Never heard of ICSA? Never mind. It’s just one of the many acronyms that splotch all over the printed page and increasingly replace real words in the way we talk.
Acronyms do serve a useful function sometimes. FBI and CIA save time and space and have gotten embedded in the English language (as well as many other languages). NATO also is well known, saving the trouble of writing or saying North Atlantic Treaty Organization.
Old timers will recall famous acronyms that now are long gone out of use. AEF meant American Expeditionary Force in World War I. In the Roosevelt New Deal era, WPA meant Works Progress Administration, and PWA stood for Public Works Administration. AAA was Agricultural Adjustment Administration, and NRA meant National Recovery Administration. They were well known and widely used at the time.
These last two show something of the down side of acronyms. AAA also means American Automobile Association, and NRA also means National Rifle Association. Carry this habit far enough, with only 17,576 different three-letter combinations, and you are bound to run into duplication.
A more serious shortcoming is that relying on acronyms can give an illusion of efficiency and may annoy others. I once worked with a woman who kept sending me documents marked ASAP. That meant I should act on them As Soon As Possible. I once replied, “WIGTI” – When I Get To It. And it took me a long time to figure out that sending an SASE meant a Self-Addressed Stamped Envelope.
On an assignment in South Africa, I was puzzled to see the unexplained initials CBI in headlines and news stories. Everyone down there, it turned out, knew that they stood for Central Business District. I didn’t.
That brings me to the most serious objection to acronyms. We Mainers don’t think twice about writing or saying SAD for School Administrative District or LURC for Land Use Regulation Commission. But what about the youngsters who are just learning the language and who, we hope, are getting the habit of reading the newspapers? And what about newcomers to Maine, who we hope will become active, knowledgeable, newspaper-reading citizens of their new state? Throw a lot of unintelligible alphabet soup at them in spoken language or in a news story or editorial, and you are inviting them to quit listening and quit reading.
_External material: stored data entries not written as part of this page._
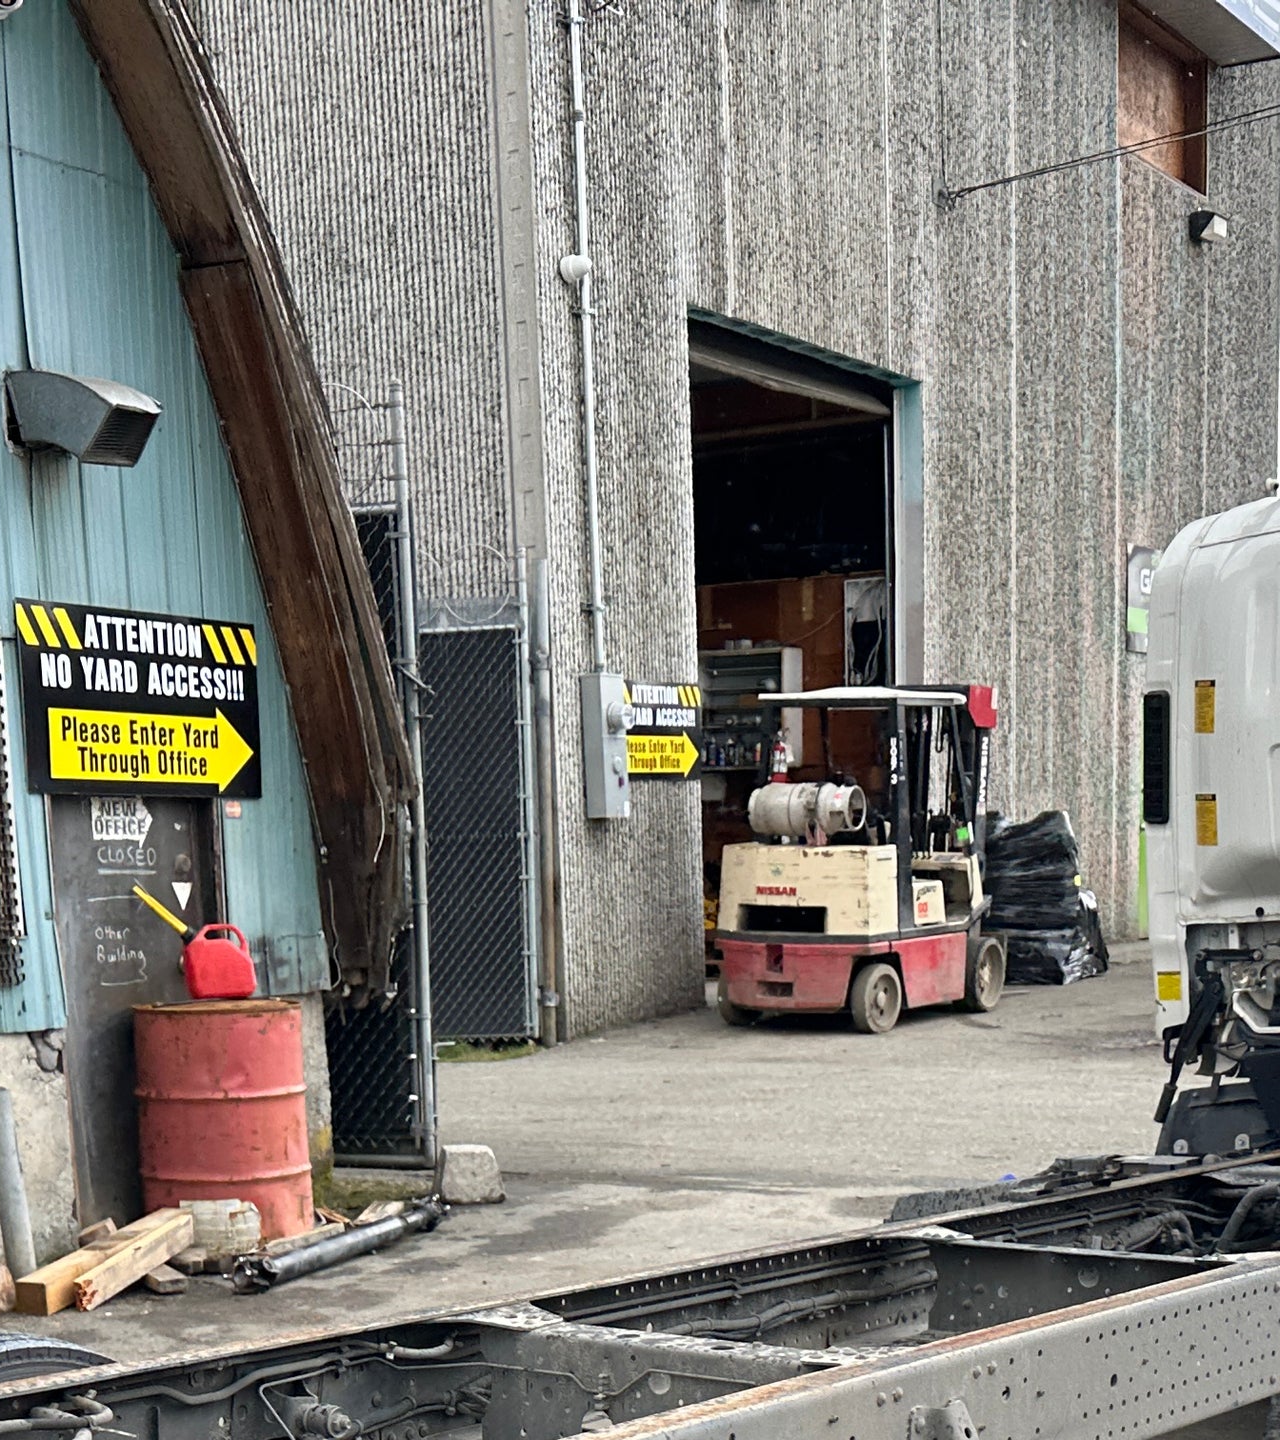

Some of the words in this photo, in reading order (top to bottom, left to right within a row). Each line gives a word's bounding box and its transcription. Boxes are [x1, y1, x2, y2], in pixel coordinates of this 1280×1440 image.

[84, 614, 202, 659] ATTENTION
[40, 652, 72, 689] NO
[80, 656, 138, 693] YARD
[148, 662, 245, 701] ACCESS!!!
[631, 684, 679, 705] ATTENTION
[61, 716, 121, 744] Please
[129, 720, 175, 747] Enter
[183, 723, 219, 749] Yard
[626, 740, 646, 753] lease
[649, 739, 667, 753] Enter
[670, 740, 685, 753] Yard
[77, 747, 149, 778] Through
[158, 750, 208, 776] Office
[629, 755, 657, 771] Through
[660, 755, 680, 769] Office
[100, 801, 137, 817] NEW
[94, 818, 147, 835] OFFICE
[97, 846, 157, 866] CLOSED
[755, 886, 797, 897] NISSAN
I would like to do away with acronyms altogether. In fact, I have thought of forming an organization called ICSA – I Can’t Stand Acronyms.
But speakers and writers can hardly be expected to go that far. Instead, how about taking it a little easy with acronyms? Why not avoid them when possible? Why not, in second mention, say “the school district” instead of SAD, and “the commission” instead of LURC? And why not leave some of those puzzling, turn-off, initials out of the headlines?
Richard Dudman was a reporter and correspondent for 31 years for the St. Louis Post-Dispatch. He lives in Ellsworth.